Qualità interna ed esterna
La qualità interna è data dal divario esistente tra servizio progettato e servizio erogato: minore sarà tale differenza, maggiore sarà il livello di qualità raggiunto. Questo concetto di qualità è strettamente legato al rispetto di particolari caratteristiche produttive del servizio e presuppone il riferimento a standard interni all’azienda, oppure predefiniti da appositi enti di certificazione.
Il concetto di qualità esterna nasce, invece, dal confronto tra le attese del consumatore (servizio atteso) e la sua idea di quanto effettivamente erogato (servizio percepito). Se il servizio atteso risulta inferiore rispetto a quello percepito, il consumatore esprimerà un giudizio positivo sul servizio ottenuto. Se, invece, le aspettative saranno superiori rispetto a quanto percepito, il giudizio sulla qualità del servizio non potrà che essere negativo.
Questi due concetti di qualità non sono l’uno in antitesi all’altro, ma sono tra loro complementari e necessari per garantire il duraturo operare dell’organizzazione. Ogni azienda, infatti, deve essere in grado di fornire un servizio di qualità per l’utente e – al tempo stesso – perseguire la qualità della propria gestione al fine di ottimizzare l’impiego delle risorse economiche e umane. In altre parole, e volendo usare uno slogan, l’obiettivo che si deve perseguire è quello di “fare bene (qualità interna) le cose giuste (qualità esterna)”.
Partendo da queste osservazioni, quale percorso può portare una cooperativa sociale, piuttosto che una fondazione, a impostare le proprie scelte verso maggiori livelli di qualità (grafico in basso)?

Un processo in fasi
Prima fase:
conoscere le richieste dei propri utenti, analizzare le potenzialità e i limiti dell’azienda e definire il servizio che si vuole offrire.
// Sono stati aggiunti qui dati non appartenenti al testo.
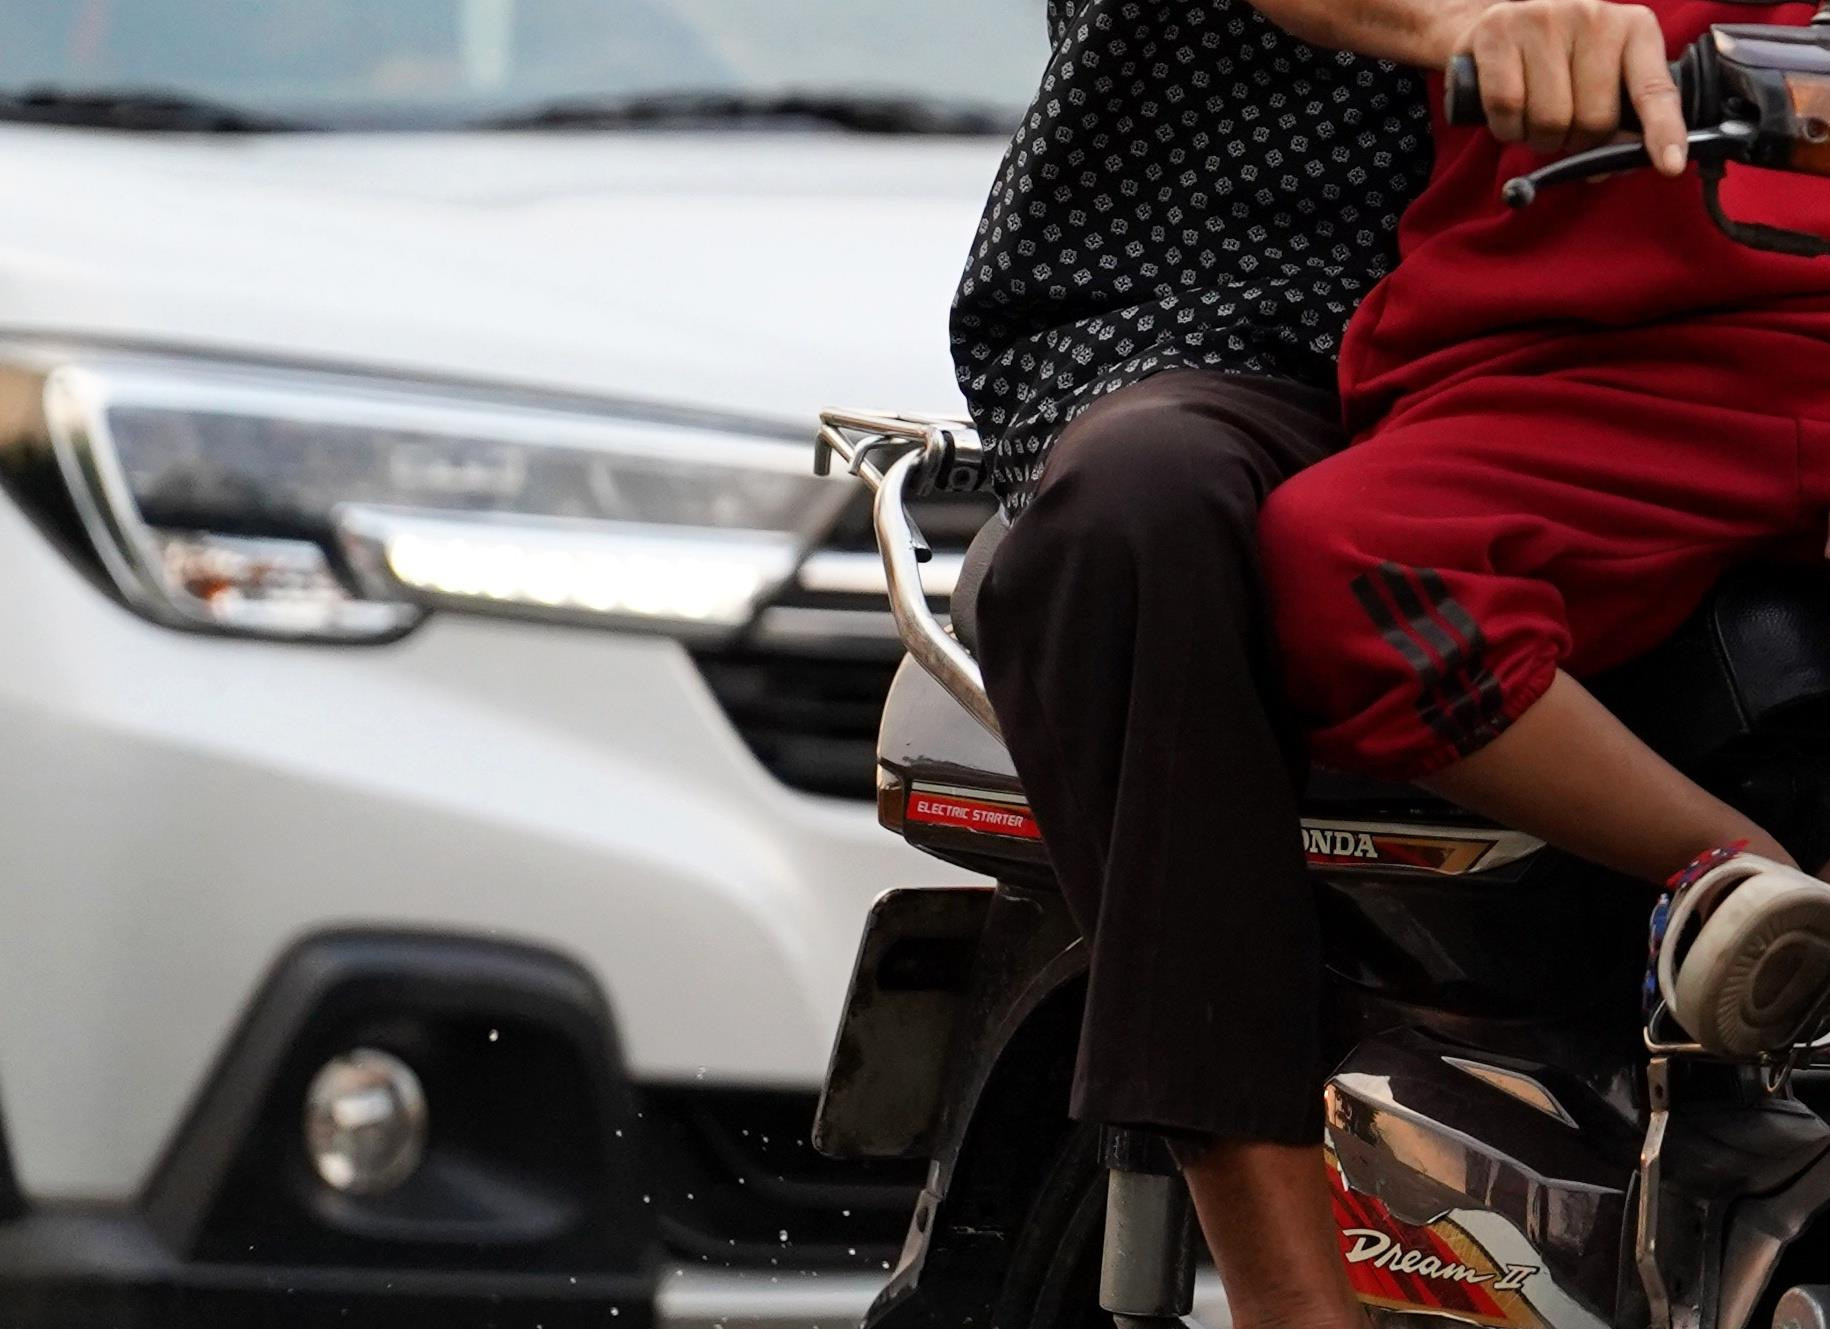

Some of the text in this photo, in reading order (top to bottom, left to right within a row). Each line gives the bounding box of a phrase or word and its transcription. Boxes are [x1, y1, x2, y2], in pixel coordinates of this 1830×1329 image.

[916, 800, 1024, 828] ELECTRIC STARTER
[1342, 1228, 1496, 1283] Dream
La definizione del tipo di servizio che s’intende offrire (il c.d. “che cosa fare”) nasce da due quesiti di fondo:
“Che cosa devo fare?”. Attraverso l’utilizzo degli strumenti tipici della ricerca di mercato, il primo sforzo che si deve fare è quello di comprendere le esigenze dei potenziali fruitori del servizio. In questa fase, un ruolo strategicamente rilevante è ricoperto dal personale di contatto. Quest’ultimo, interagendo quotidianamente con gli utenti, è in grado di capire molto delle loro aspettative e – per tale ragione – può essere un’importante fonte d’informazioni che dal basso possono alimentare i processi decisionali dei livelli organizzativi superiori (la c.d. comunicazione di bottom/up).
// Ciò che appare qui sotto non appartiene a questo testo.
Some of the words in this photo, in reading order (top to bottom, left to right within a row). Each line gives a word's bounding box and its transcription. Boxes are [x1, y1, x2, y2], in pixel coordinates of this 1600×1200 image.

“Che cosa posso fare?”. La scelta del servizio che si vuole realizzare dovrà tener necessariamente conto anche della situazione interna all’azienda, sia in termini di risorse economico-finanziarie, sia di competenze e professionalità disponibili. Decidere che cosa fare senza prima aver considerato congiuntamente queste questioni di fondo, significa partire già con il piede sbagliato. Che senso avrebbe, infatti, realizzare in modo eccellente un servizio che però non è in grado di riscontrare un successo nel pubblico di riferimento cui è indirizzato? E che senso ha progettare un servizio che già in partenza l’organizzazione non è in grado di realizzare, considerando le risorse a disposizione?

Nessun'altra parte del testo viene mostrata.